La realidad política conocida hasta hoy ha sido la de un binomio disfrazado de dualidad. Una aparente oposición entre dos partidos políticos que delante de las cámaras juegan al rol schmittiano amigo-enemigo. El turnismo político, una cierta estabilidad económica y una sociedad despolitizada han sido condicionantes a la hora de ocultar lo que es, una unidad política privilegiada con diferentes siglas pero con mismos fines, la defensa de sus intereses particulares en detrimento de los intereses generales.

Según el ámbito académico podremos sacar unas conclusiones u otras. Desde la cultura política se dirá que la herencia franquista es determinante para entender una sociedad civil débil, despolitizada, con un asociacionismo exiguo y utilizando el concepto de Putnam, un capital social bajo mínimos, esto es la confianza interpersonal, dañada por un familiarismo de tradición cristiana. Una sociedad civil débil no realiza a mí entender un deber primordial, vigilar a los mandatarios y colaborar con la res pública, es decir, papel activo de un ciudadano comprometido y bien informado sobre la actualidad. Este conjunto de actitudes que engloba la cultura política nos lleva a unas élites extractivas que monopolizan la esfera de lo público, un leviatán en perpetua expansión, rompiendo la división de poderes de Montesquieu.

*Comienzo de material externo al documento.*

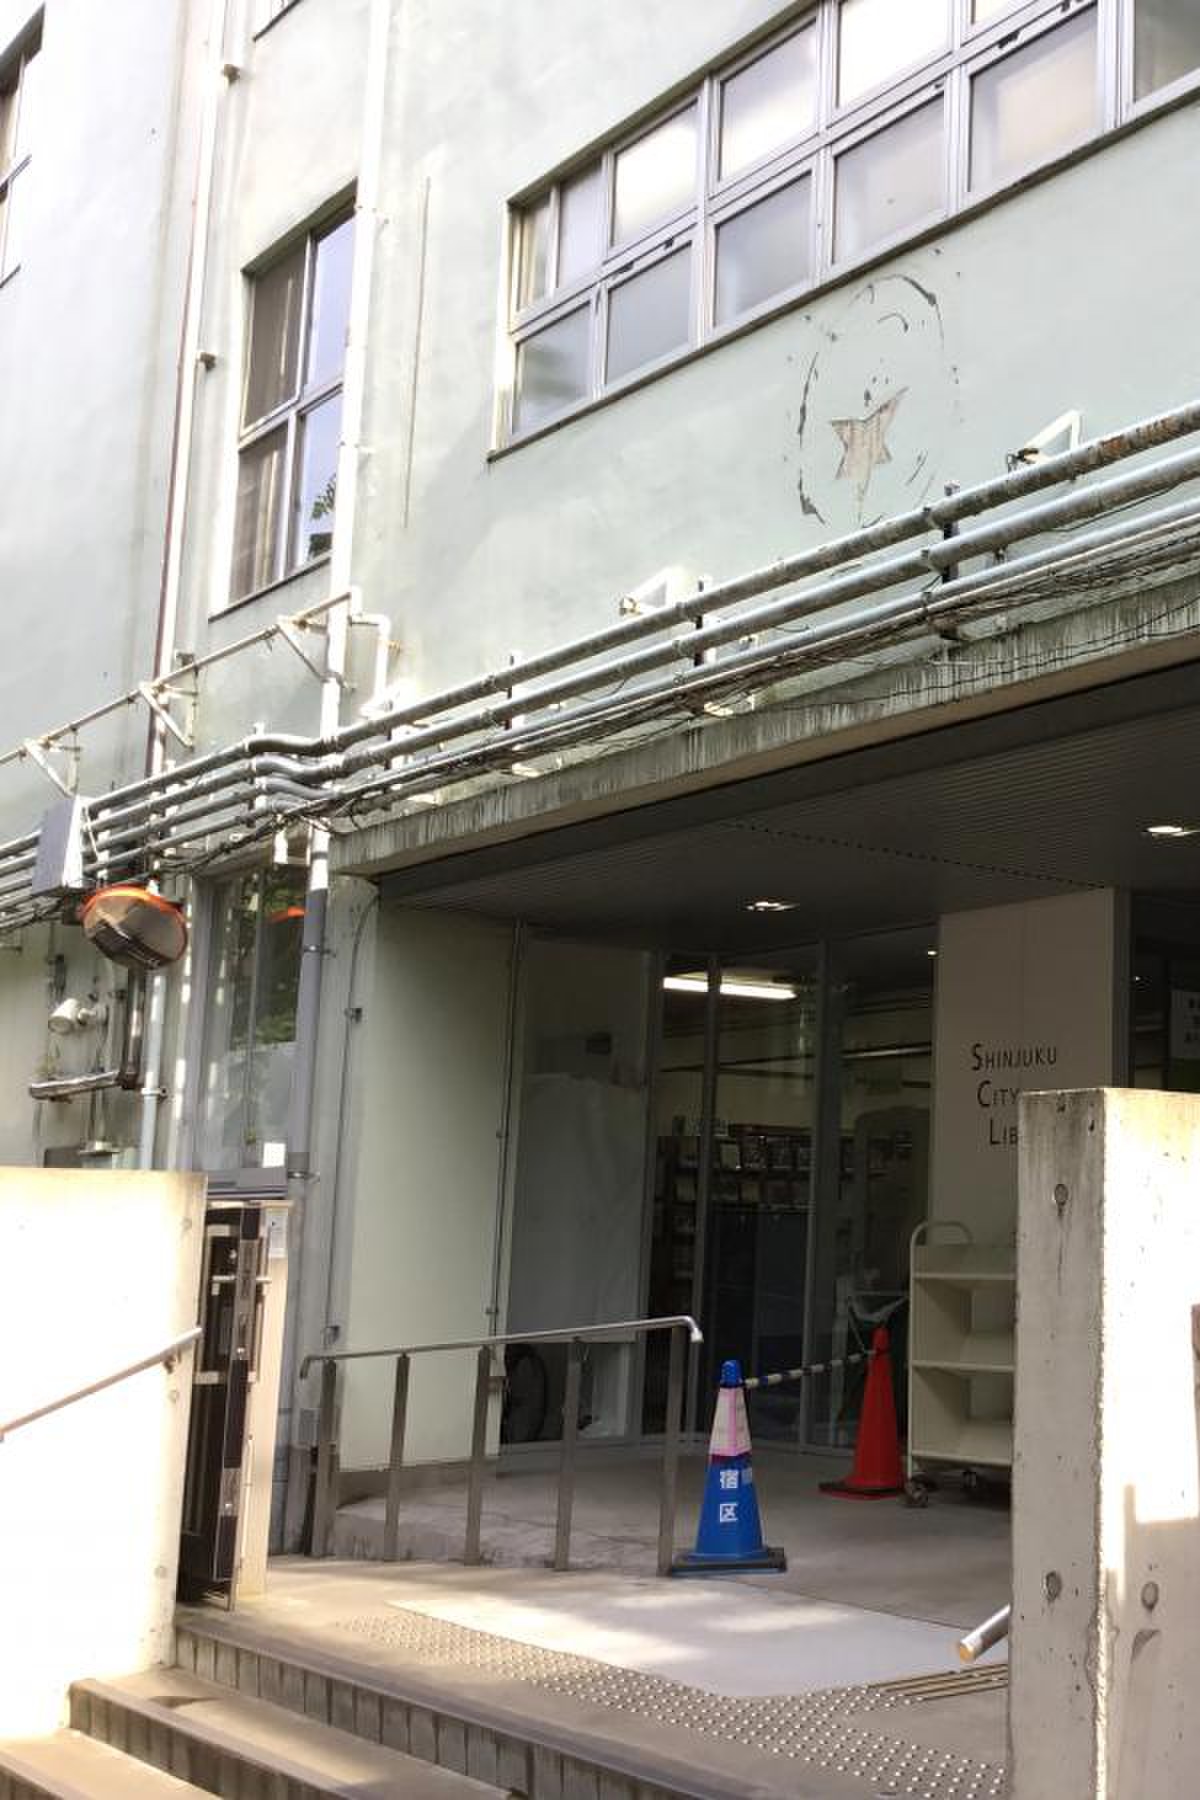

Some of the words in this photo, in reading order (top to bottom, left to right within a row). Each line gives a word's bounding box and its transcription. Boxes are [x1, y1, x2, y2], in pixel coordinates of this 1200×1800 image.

Si trasladamos el prisma al ámbito institucional tendremos que analizar los diferentes componentes que estructuran el sistema político español. Un primer componente es la organización de los partidos políticos. Nacidos en la convulsión de la transición se apostó por la estabilidad en perjuicio de la representatividad. Por ello su organización interna es jerárquica y cerrada, así lo podemos demostrar en el papel que juegan los grupos parlamentarios en el congreso de los diputados. Otro hecho es el voto disciplinado de los diputados para no morder la mano que les da de comer. Su composición y organización nos ha llevado a una paradoja, los principales actores de la democracia actúan internamente de forma autoritaria. Otro componente a destacar es el sistema electoral español. Fue creado una vez más para reforzar la estabilidad, construyendo mayorías artificiales. El sistema electoral es maquiavélico cuanto menos, los ciudadanos ubicados en grandes urbes tienen mayor libertad para elegir una amplia gama de partidos políticos pero su peso es menor ya que son necesarios muchos votos para llegar a alcanzar un escaño. Caso diferente es el de los territorios de escasa población, situados principalmente en el interior. Su voto tiene mayor fuerza al necesitar pocos votos para llegar a un escaño pero la libertad para elegir un partido político es menor. Como ejemplo paradigmático se suele nombrar a Soria, provincia de 90.000 habitantes donde se reparten 3 escaños. Se necesitan 30.000 votos para tener un escaño pero solo los partidos mayoritarios tienen la facilidad para llegar a dicha cifra. La fórmula d’hondt y la necesidad de llegar a un tercio de la población para alcanzar el escaño deseado lleva a los ciudadanos a realizar el denominado “voto útil o distorsionador”, esto significa que se votan segundas o terceras preferencias ya que la primera nunca va a tener representación.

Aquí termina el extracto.